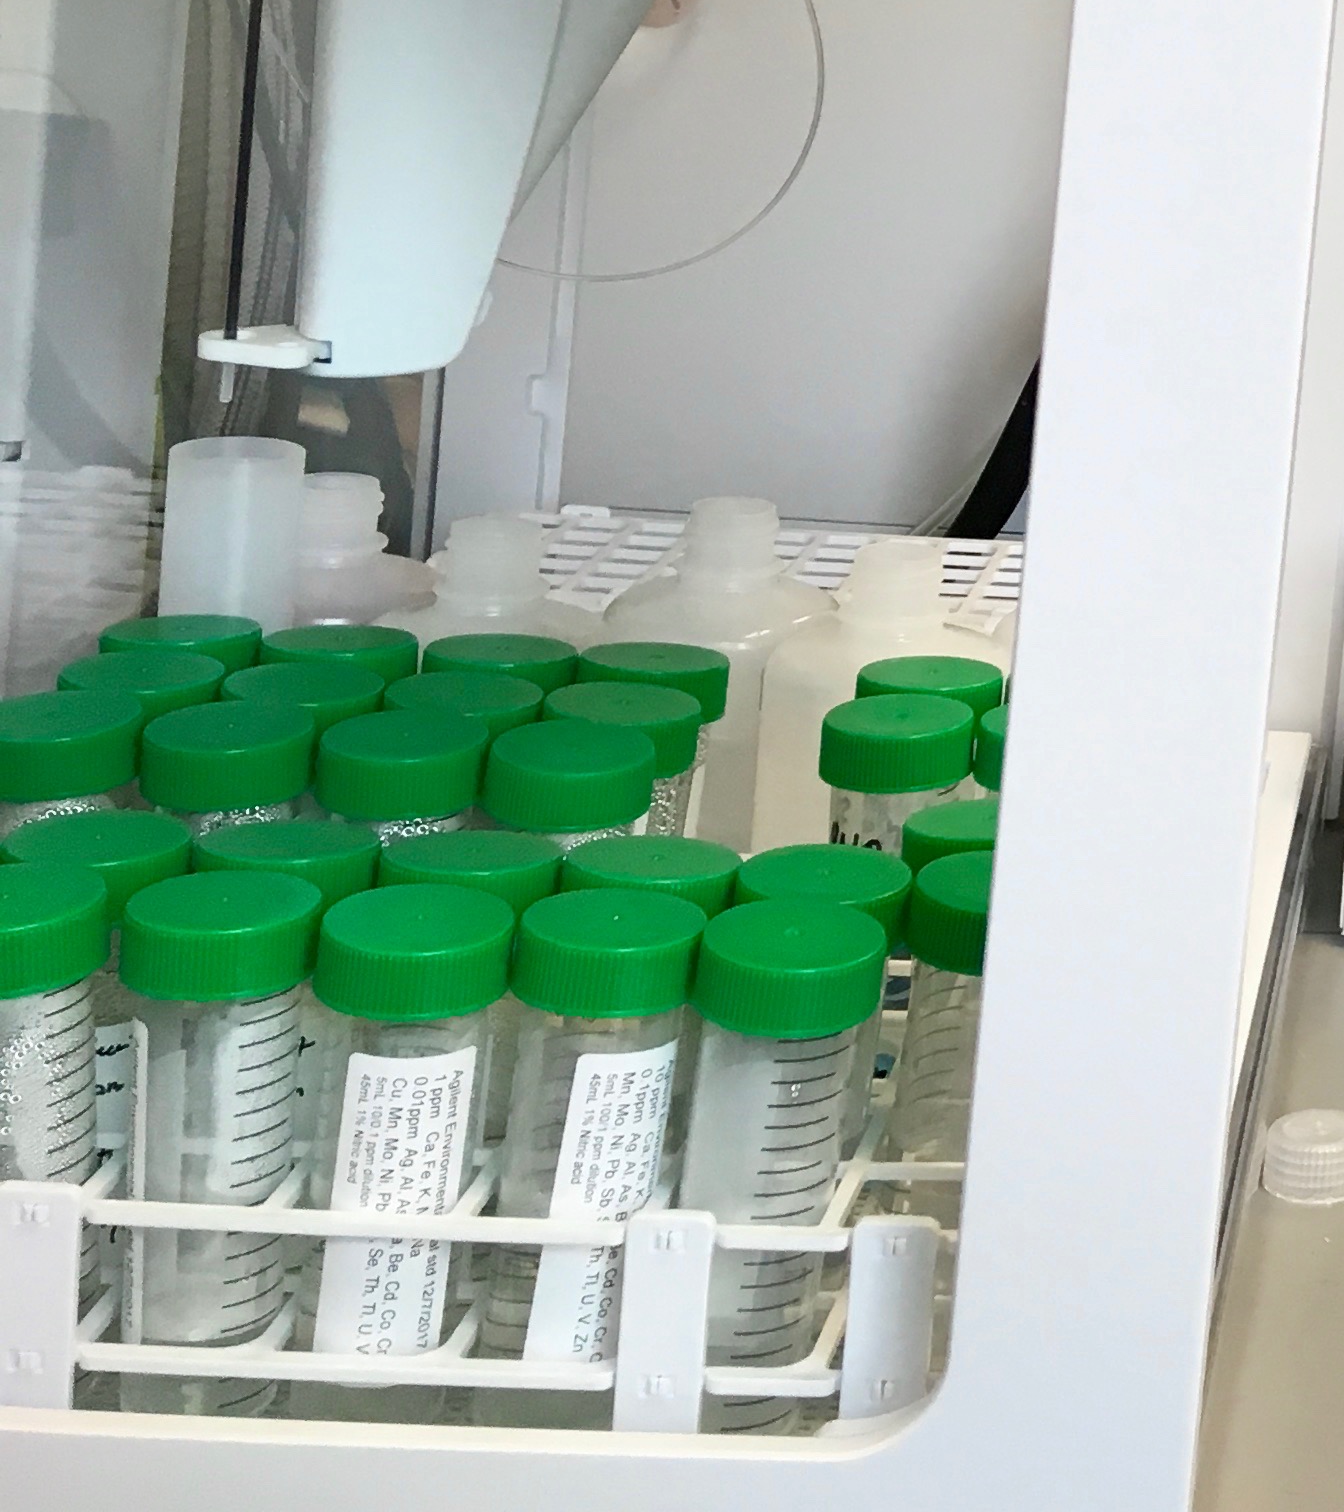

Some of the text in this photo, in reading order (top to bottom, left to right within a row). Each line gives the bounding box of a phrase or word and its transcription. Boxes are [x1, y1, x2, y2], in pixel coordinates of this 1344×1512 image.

[429, 1088, 442, 1118] ppm
[447, 1069, 464, 1120] Agilent
[351, 1129, 364, 1158] Nitric
[576, 1130, 591, 1158] Nitric
[347, 1161, 359, 1184] acid
[571, 1161, 583, 1185] acid
[425, 1255, 437, 1277] std
[573, 1334, 588, 1352] Zn
______________________________
## What you need to do:
Type out each line of the records above exactly, skipping any pictures.

## Task solution:
Some of the text in this photo, in reading order (top to bottom, left to right within a row). Each line gives the bounding box of a phrase or word and its transcription. Boxes are [x1, y1, x2, y2], in pixel coordinates of this 1344×1512 image.

[429, 1088, 442, 1118] ppm
[447, 1069, 464, 1120] Agilent
[351, 1129, 364, 1158] Nitric
[576, 1130, 591, 1158] Nitric
[347, 1161, 359, 1184] acid
[571, 1161, 583, 1185] acid
[425, 1255, 437, 1277] std
[573, 1334, 588, 1352] Zn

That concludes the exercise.